0

If I had a file encoded in ISO but wanted to read the file as UTF-8 using java would I still get the same text?

would special characters such as µÃÿ display the same?

Paul
  • 1,375
  • 4
  • 16
  • 29

2 Answers2

1

No, you would not. UTF-8 does not encode characters beyond U+007f in the same way as ISO-8859-1 (ISO-8859-1 encodes U+0080 through U+00ff as single bytes \x80 to \xff, while UTF-8 uses two bytes for each of those characters).
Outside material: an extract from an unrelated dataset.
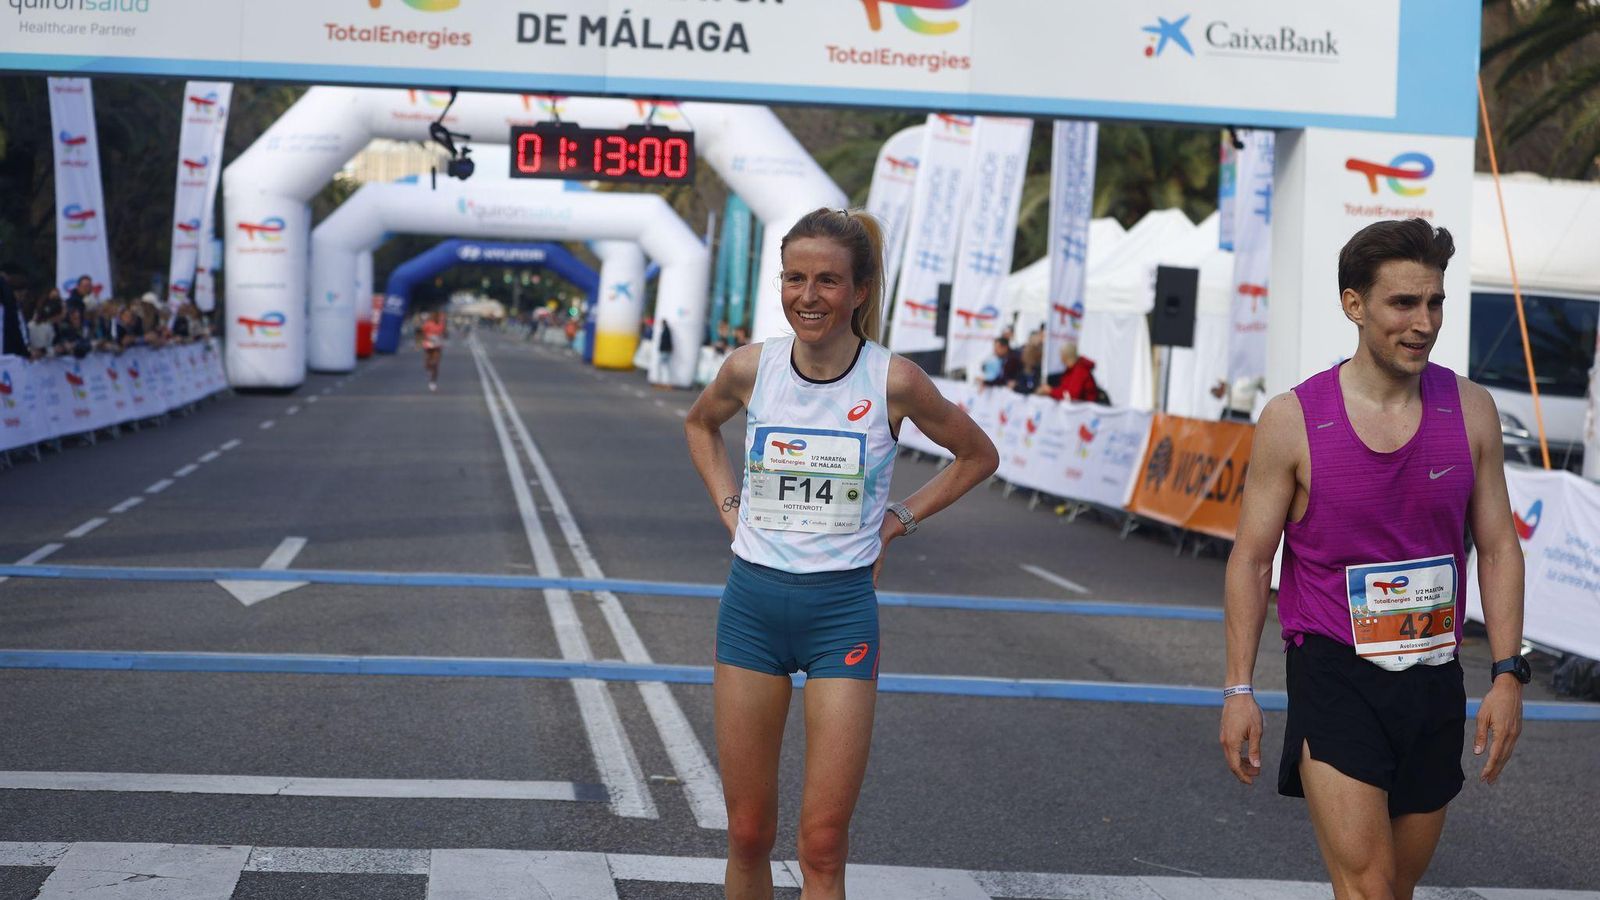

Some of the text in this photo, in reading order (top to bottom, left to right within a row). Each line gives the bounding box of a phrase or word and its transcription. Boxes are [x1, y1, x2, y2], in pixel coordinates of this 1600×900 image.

You have to use an explicit encoding specification when opening the file: new InputStreamReader(new FileInputStream(...), <encoding>)

nneonneo
  • 171,345
  • 36
  • 312
  • 383
  • On the Internet, just saying "ISO encoding" suggests ISO Latin 1 encoding, since that's the older (more popular) encoding. OP should clarify, to be sure. – nneonneo Sep 19 '12 at 23:09
  • Can you back that up? Why and where is it the most popular? – nullpotent Sep 19 '12 at 23:11
  • Google search. Googling 'ISO encoding' results in no mention of 10646 on the first page at all. Same with "ISO encoding". – nneonneo Sep 19 '12 at 23:16
0

In short, no. The way the characters are represented (bitwise) in ISO is not the same as how characters are represented in UTF-8.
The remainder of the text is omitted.